Andrea Raneri e Mario D'agostino
Andrea Raneri e Mario D'agostino

Proseguono le reazioni alla bocciatura di Taormina Arte. Il polverone sollevatosi durante l’ultima seduta consiliare non è destinato a placarsi facilmente, anche perché diverse e tutte pesanti sono le conseguenze che si paventano non solo per il Comitato ma per il futuro della città stessa. Il “no” del civico consesso alla trasformazione in Fondazione ha aperto una crepa profonda che mina le fondamenta di un Comune che già navigava in acque agitate. A Palazzo dei Giurati si è tracciato uno spartiacque tra il prima e il dopo. Se il passato è quello che conosciamo, è difficile invece prevedere che cosa succederà da questo momento in avanti, ma la fase di transizione si prospetta come una delle più difficili che la Città dovrà affrontare.

Speranze congelate. Una preoccupazione condivisa dal vicesindaco Mario D’Agostino e da Andrea Raneri, l’uno vice coordinatore provinciale e l’altro rappresentante del gruppo politico taorminese del Pdr Sicilia Futura. L’esito della votazione alla delibera presentata dal Commissario Pietro Di Miceli ha subito gelato le speranze di un possibile rilancio di Taormina Arte. «Il voto negativo di ieri rischia di cancellare una delle più importanti manifestazioni culturali siciliane – ha dichiarato D’Agostino – se questo dovesse accadere, per Taormina sarà qualcosa di molto simile ad un suicidio “culturale” oltre che turistico, e qualcuno dovrà assumersi le responsabilità per quello che è avvenuto».
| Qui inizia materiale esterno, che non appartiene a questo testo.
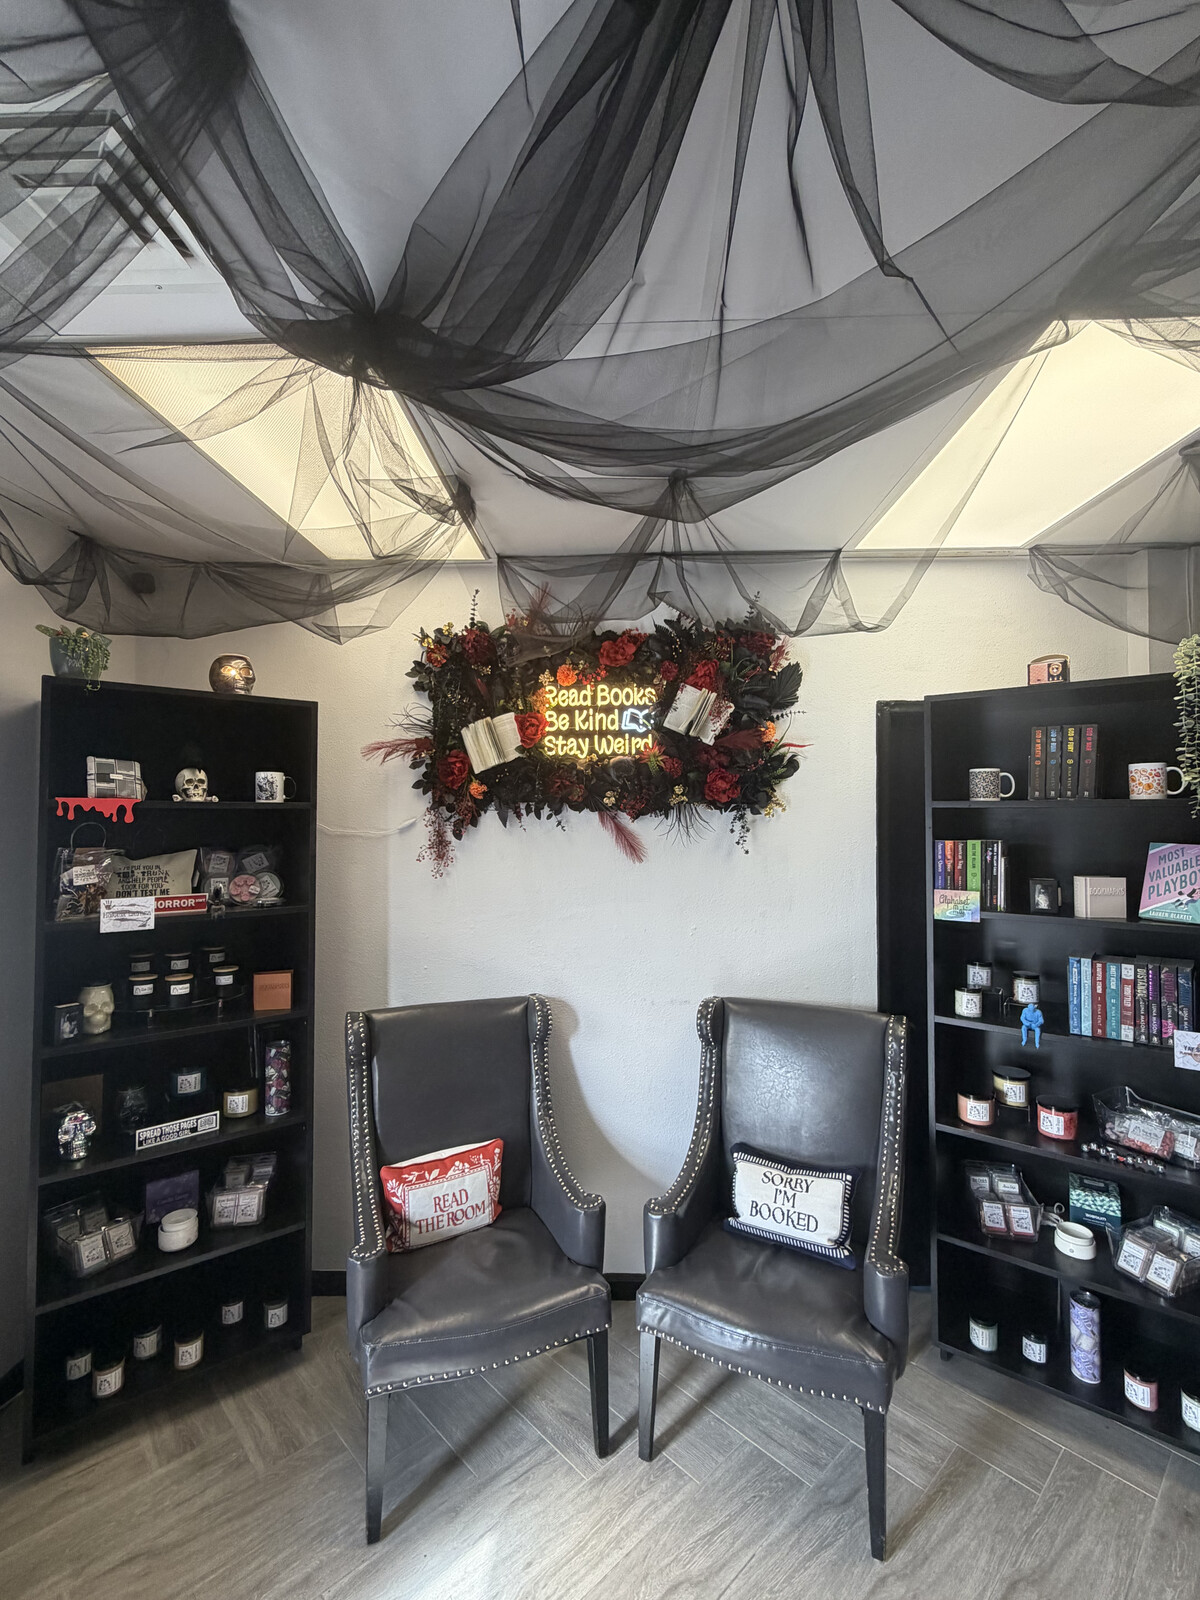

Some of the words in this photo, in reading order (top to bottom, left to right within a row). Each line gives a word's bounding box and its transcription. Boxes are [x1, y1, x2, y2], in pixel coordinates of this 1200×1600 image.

[545, 684, 592, 707] Read
[596, 683, 656, 706] Books
[545, 710, 569, 731] Be
[575, 708, 619, 731] Kind
[544, 735, 589, 758] Stay
[594, 733, 652, 755] Weird
[1158, 847, 1185, 865] MOST
[147, 875, 169, 883] PEOPLE
[1149, 855, 1200, 882] VALUABLE
[116, 890, 138, 898] DON'T
[140, 889, 157, 897] TEST
[1089, 887, 1125, 896] BOOKMARKS
[1148, 869, 1200, 900] PLAYBO
[939, 894, 970, 909] Alphabet
[139, 1129, 162, 1141] SPREAD
[162, 1123, 180, 1135] THOSE
[180, 1119, 197, 1131] PAGES
[142, 1138, 156, 1146] LIKE
[161, 1133, 178, 1141] GOOD
[1081, 1142, 1116, 1159] SMUT
[1127, 1157, 1164, 1173] SLUT
[761, 1170, 814, 1193] SORRY
[433, 1189, 468, 1213] READ
[773, 1188, 796, 1208] I'M
[415, 1214, 445, 1234] THE
[446, 1200, 486, 1226] ROOM
[749, 1200, 818, 1232] BOOKED
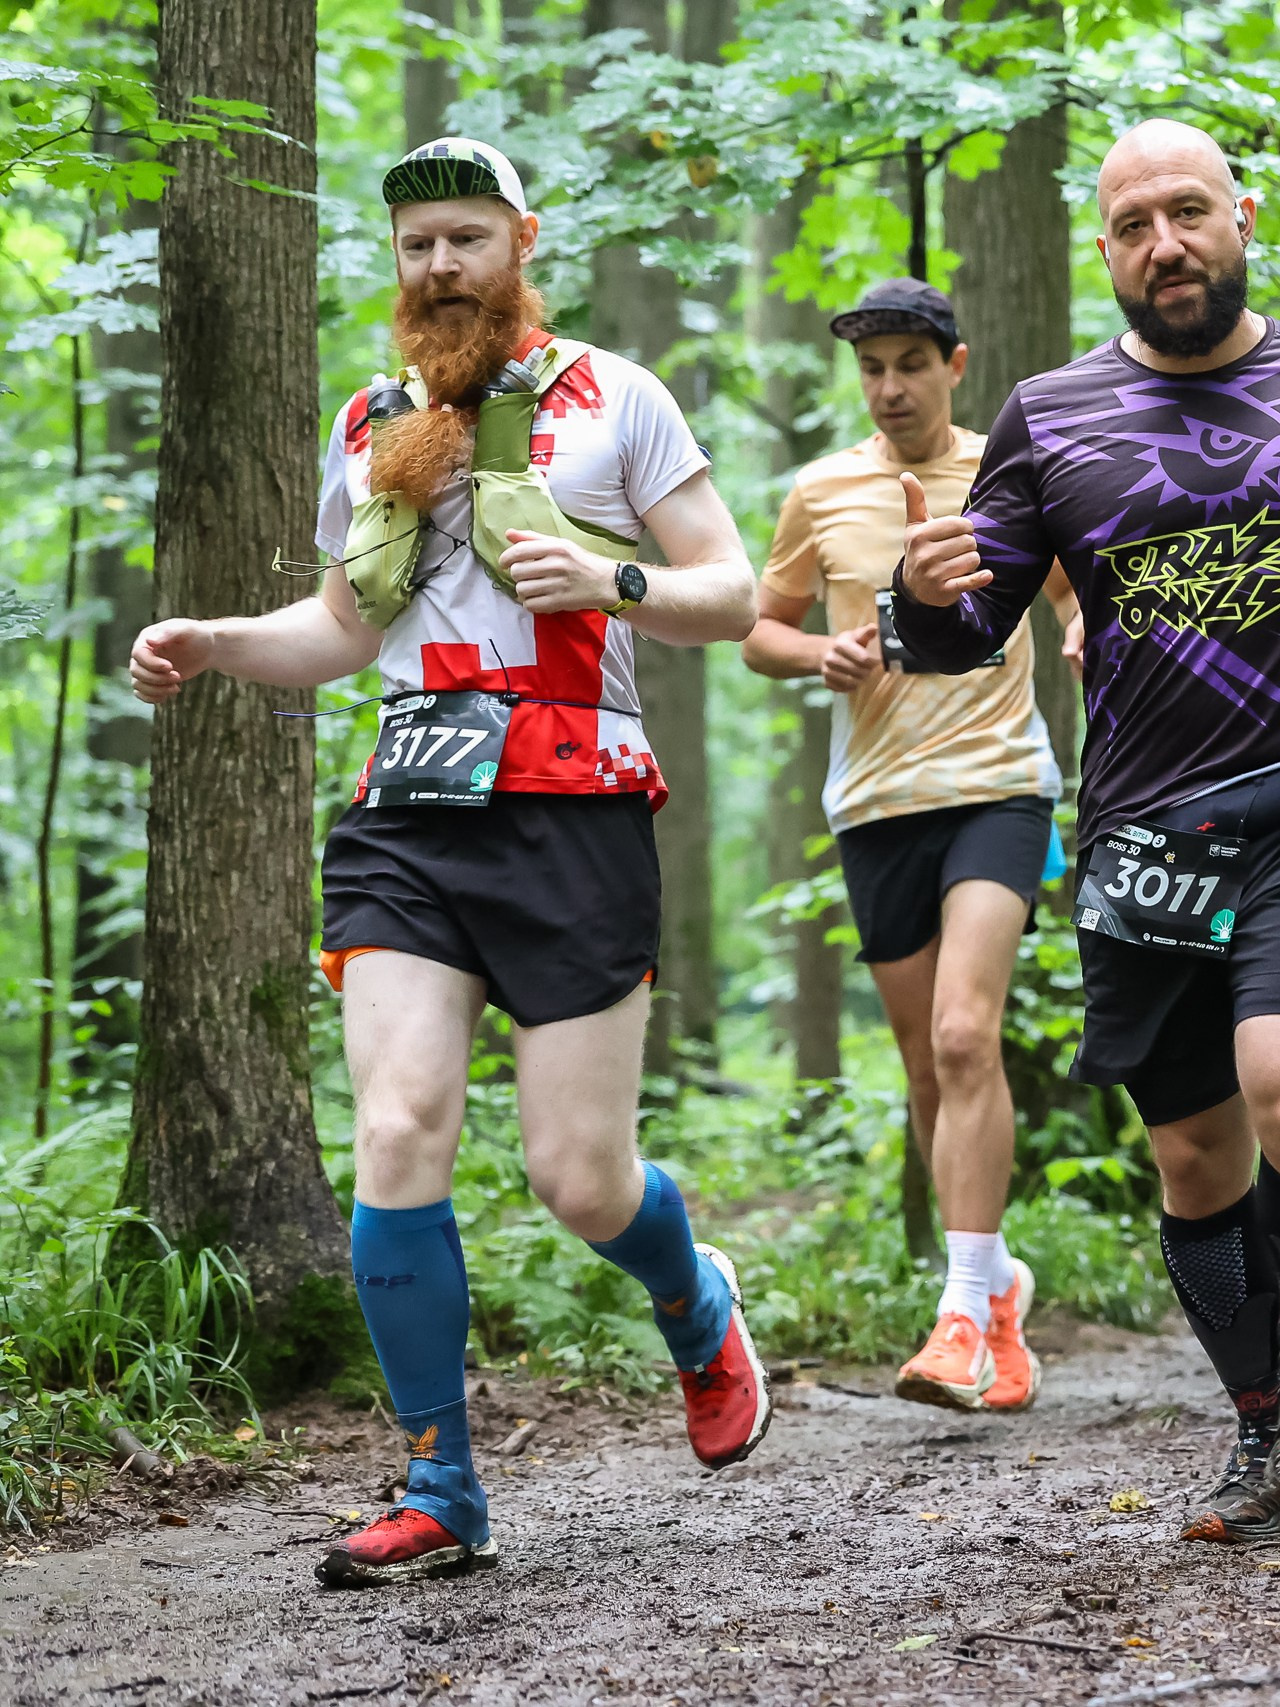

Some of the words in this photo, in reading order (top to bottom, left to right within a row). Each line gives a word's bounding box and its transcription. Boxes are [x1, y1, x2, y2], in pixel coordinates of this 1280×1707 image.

Taormina verso il baratro. Se D’Agostino parla di «possibili ripercussioni sociali ed economiche tutte da definire», Raneri considera la bocciatura come il passo falso che potrebbe determinare la caduta del Comune di Taormina verso un profondo baratro. Il coordinatore del Patto dei Democratici per le Riforme di Taormina condanna pesantemente la bocciatura del nuovo statuto di Taormina Arte perché «rappresenta una pietra tombale sulle speranze di rilancio della Fondazione e sopratutto pone a rischio collasso le già asfittiche casse del Comune di Taormina, chiamato a rispondere dell’enorme mole di debiti della Fondazione». Raneri lancia dunque un appello all’assessore regionale al turismo Anthony Barbagallo perché si faccia promotore di «un pronto e risolutivo intervento da parte della Regione per evitare che lo strumento che doveva servire a rilanciare in maniera seria e con criteri manageriali la mission di Taormina Arte diventi un boomerang devastante, i cui esiti, senza adeguate risposte a breve, saranno sotto gli occhi di tutti».
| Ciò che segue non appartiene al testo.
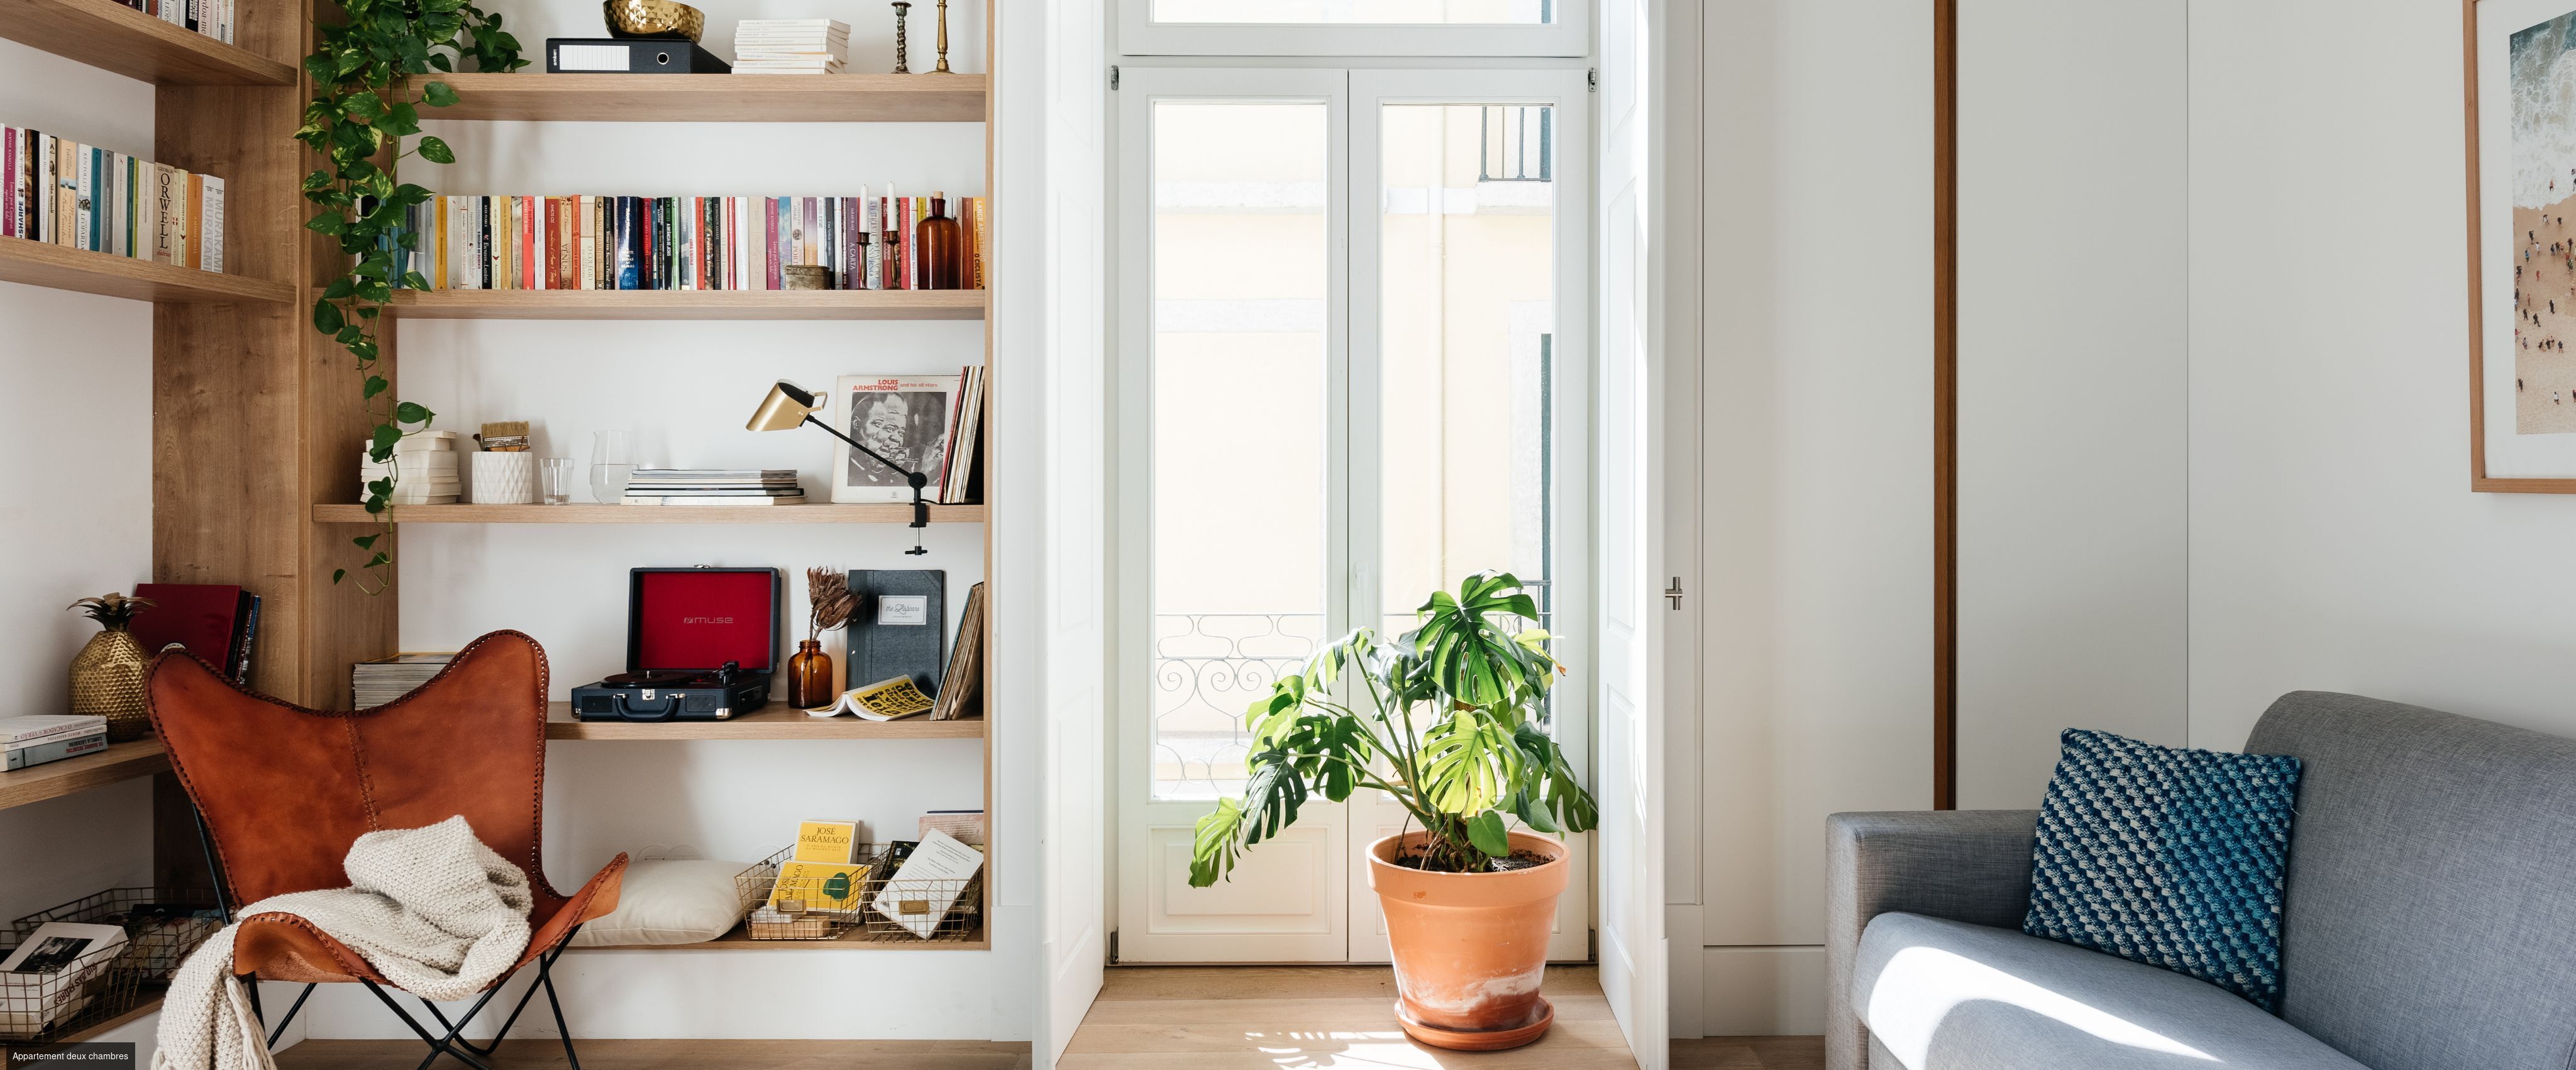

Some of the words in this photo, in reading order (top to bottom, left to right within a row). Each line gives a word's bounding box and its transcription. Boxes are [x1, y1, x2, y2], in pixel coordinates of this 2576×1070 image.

[159, 173, 171, 248] ORWELL
[204, 196, 213, 269] MURAKAMI
[214, 199, 223, 272] MURAKAMI
[978, 223, 986, 262] ARMSTRONG
[20, 731, 38, 739] VERÃO
[44, 725, 67, 735] CAÇADOR
[66, 745, 84, 754] SECRETOS
[815, 827, 836, 836] JOSÉ
[800, 835, 849, 844] SARAMAGO
Il futuro della Perla è a rischio. Questa al momento sembra essere l’unica certezza e il timore più grande. Dopo oltre trenta anni in cui ha portato alta la bandiera delle più importanti manifestazioni siciliane, Taormina Arte è alla deriva e nella rovinosa caduta trascina con sé il prestigio e il valore della Città e il suo futuro.